[[ Data open ]]

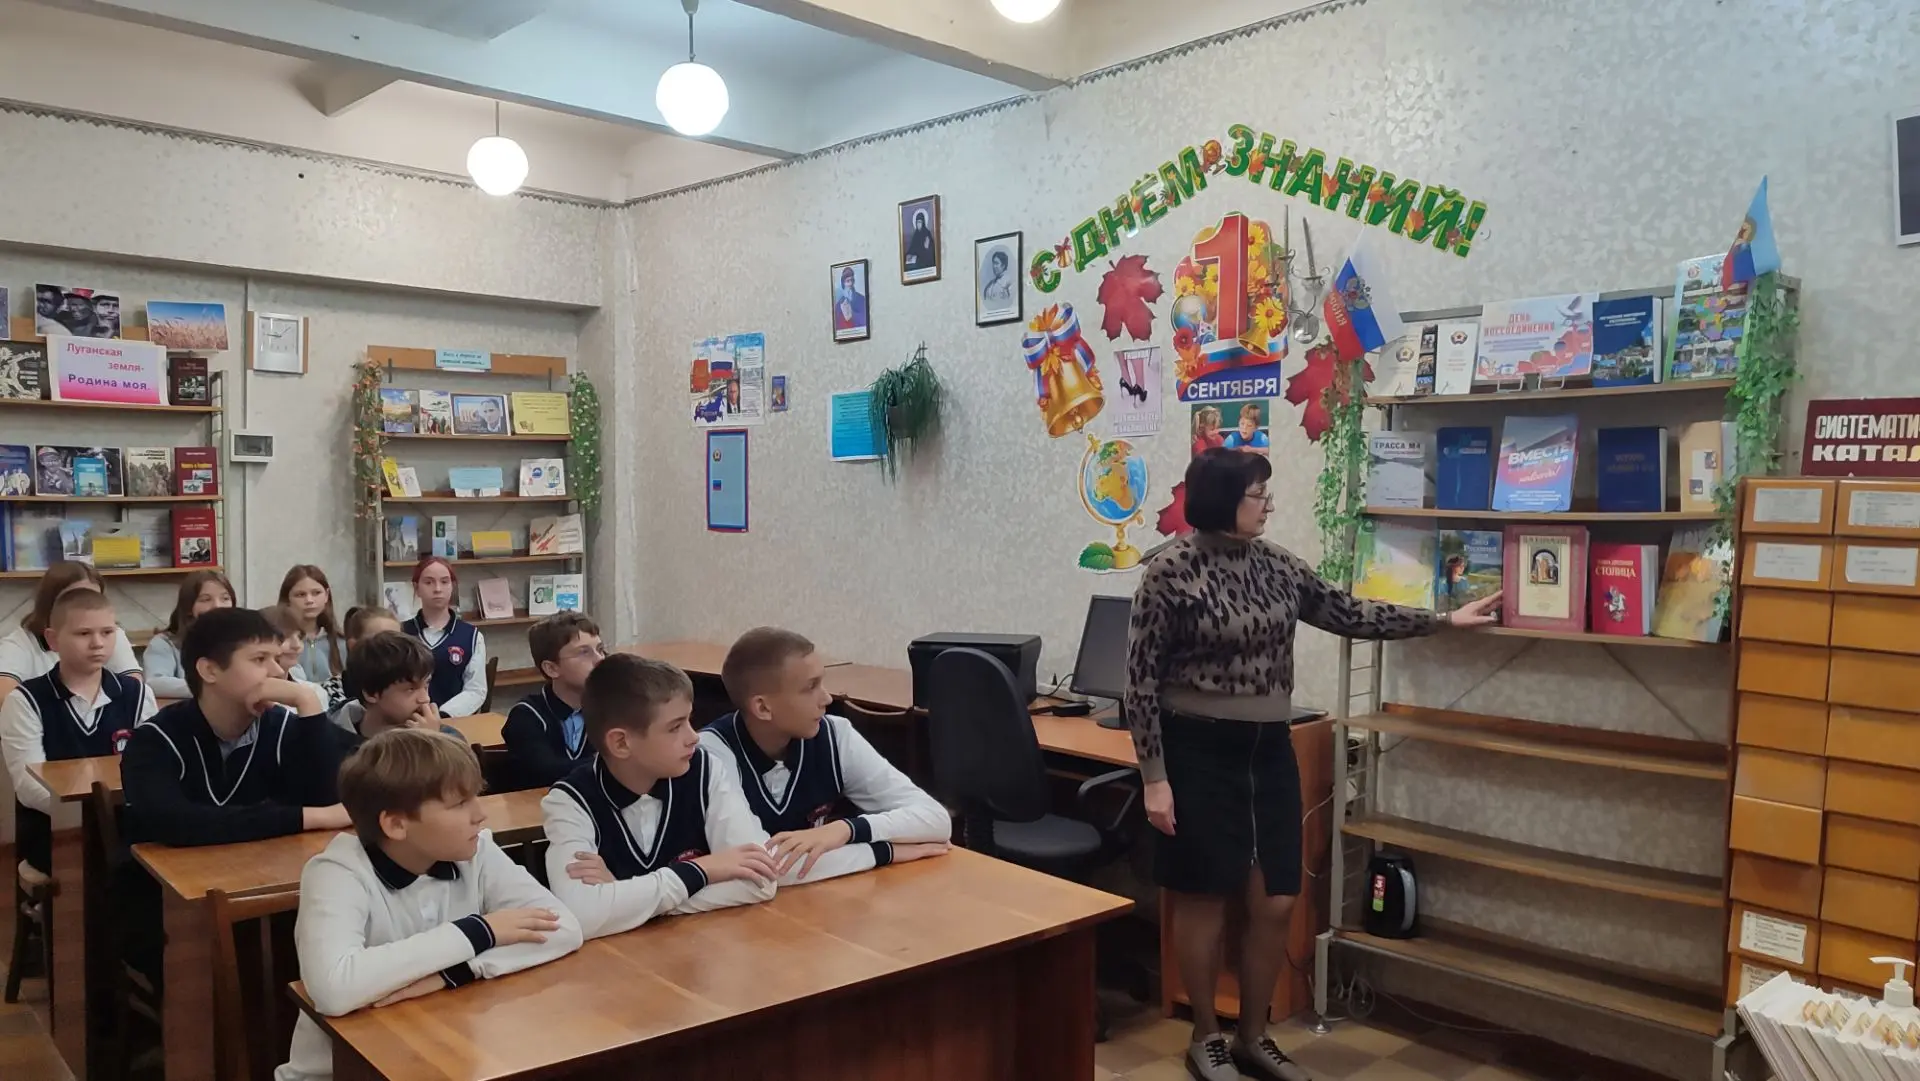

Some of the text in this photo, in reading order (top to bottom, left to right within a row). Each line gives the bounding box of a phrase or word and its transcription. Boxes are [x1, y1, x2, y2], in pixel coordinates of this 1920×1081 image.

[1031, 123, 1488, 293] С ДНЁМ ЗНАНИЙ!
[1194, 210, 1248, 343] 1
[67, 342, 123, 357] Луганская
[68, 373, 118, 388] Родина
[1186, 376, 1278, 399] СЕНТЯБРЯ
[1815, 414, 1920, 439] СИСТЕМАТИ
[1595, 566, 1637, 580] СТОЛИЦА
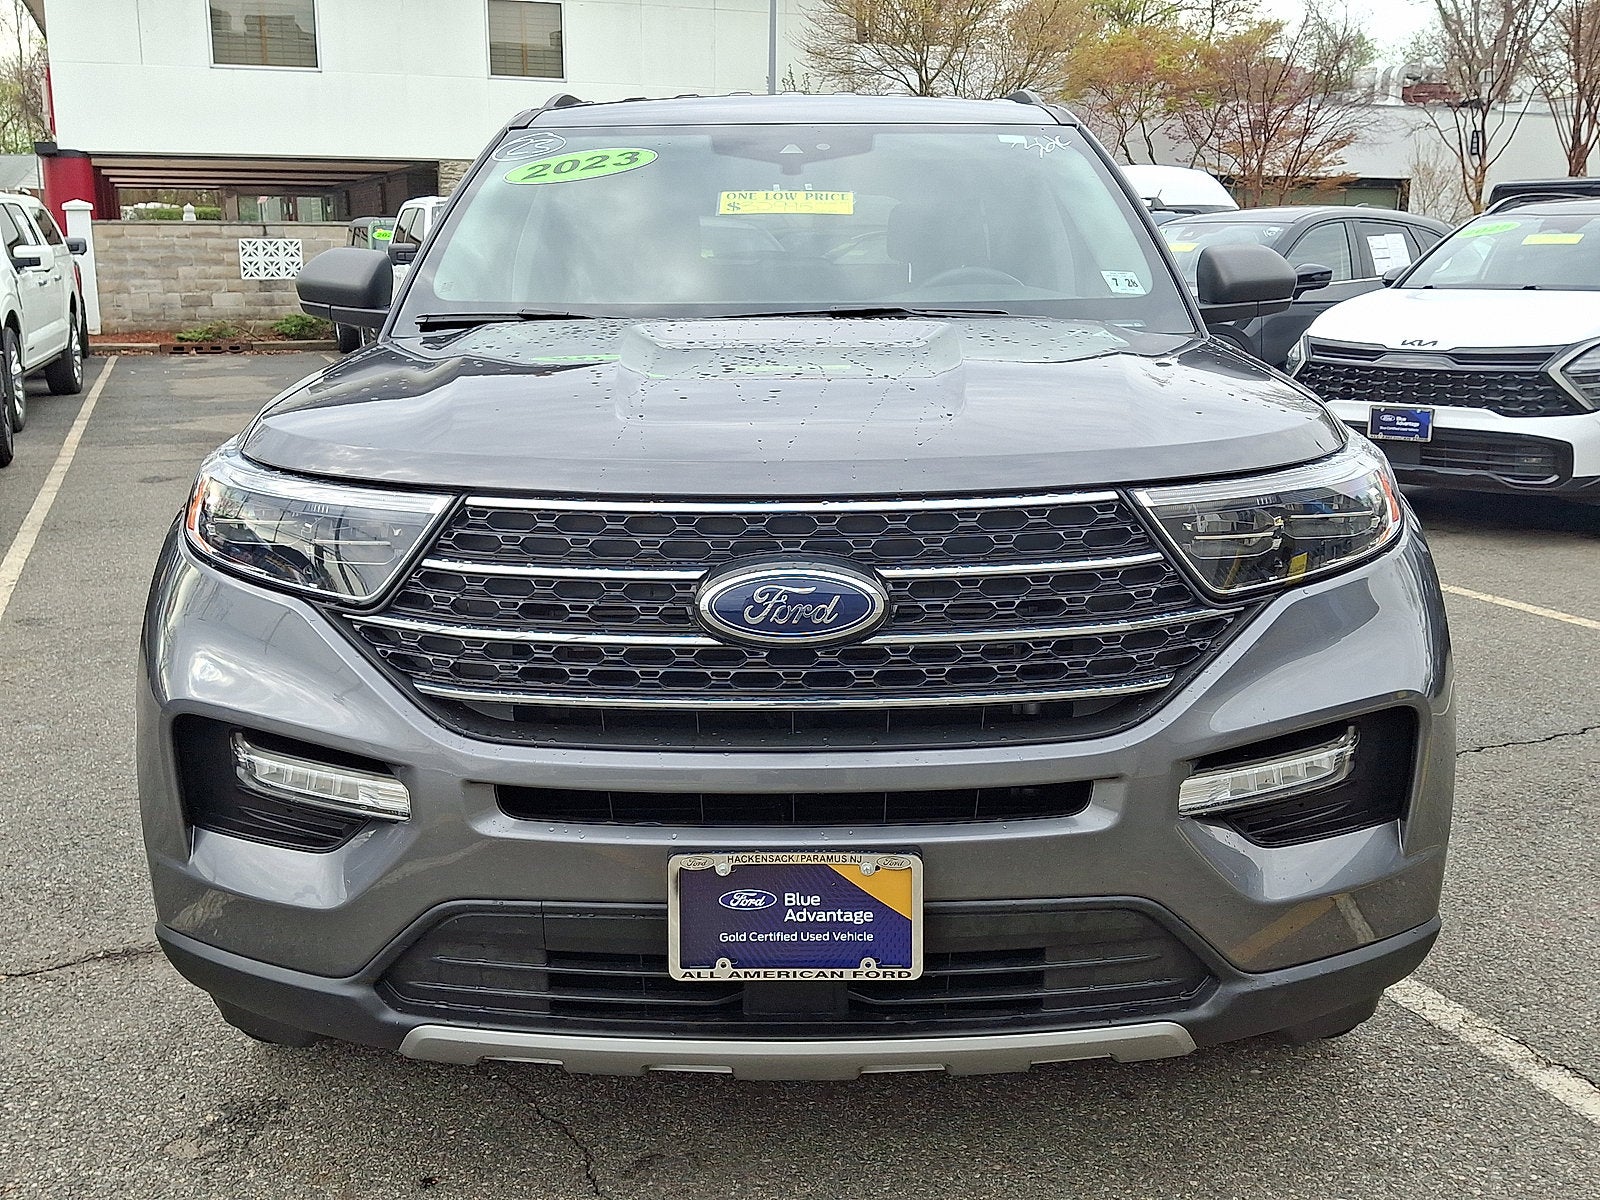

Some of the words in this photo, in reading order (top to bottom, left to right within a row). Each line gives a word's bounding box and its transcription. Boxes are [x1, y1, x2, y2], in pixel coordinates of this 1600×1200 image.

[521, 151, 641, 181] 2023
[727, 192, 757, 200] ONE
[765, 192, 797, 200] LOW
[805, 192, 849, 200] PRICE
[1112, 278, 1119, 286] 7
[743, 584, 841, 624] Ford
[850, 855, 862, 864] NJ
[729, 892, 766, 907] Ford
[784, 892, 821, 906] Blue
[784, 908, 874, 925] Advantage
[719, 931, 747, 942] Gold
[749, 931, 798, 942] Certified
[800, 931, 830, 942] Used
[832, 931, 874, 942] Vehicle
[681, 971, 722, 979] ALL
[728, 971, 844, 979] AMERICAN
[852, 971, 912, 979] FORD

[[ Data closed ]]

• [Problem to work on]
Leaving the pictures out, output each line of the listing exactly.

• [Reply to the exercise]
Some of the text in this photo, in reading order (top to bottom, left to right within a row). Each line gives the bounding box of a phrase or word and its transcription. Boxes are [x1, y1, x2, y2], in pixel coordinates of this 1920×1081 image.

[1031, 123, 1488, 293] С ДНЁМ ЗНАНИЙ!
[1194, 210, 1248, 343] 1
[67, 342, 123, 357] Луганская
[68, 373, 118, 388] Родина
[1186, 376, 1278, 399] СЕНТЯБРЯ
[1815, 414, 1920, 439] СИСТЕМАТИ
[1595, 566, 1637, 580] СТОЛИЦА

Some of the words in this photo, in reading order (top to bottom, left to right within a row). Each line gives a word's bounding box and its transcription. Boxes are [x1, y1, x2, y2], in pixel coordinates of this 1600×1200 image.

[521, 151, 641, 181] 2023
[727, 192, 757, 200] ONE
[765, 192, 797, 200] LOW
[805, 192, 849, 200] PRICE
[1112, 278, 1119, 286] 7
[743, 584, 841, 624] Ford
[850, 855, 862, 864] NJ
[729, 892, 766, 907] Ford
[784, 892, 821, 906] Blue
[784, 908, 874, 925] Advantage
[719, 931, 747, 942] Gold
[749, 931, 798, 942] Certified
[800, 931, 830, 942] Used
[832, 931, 874, 942] Vehicle
[681, 971, 722, 979] ALL
[728, 971, 844, 979] AMERICAN
[852, 971, 912, 979] FORD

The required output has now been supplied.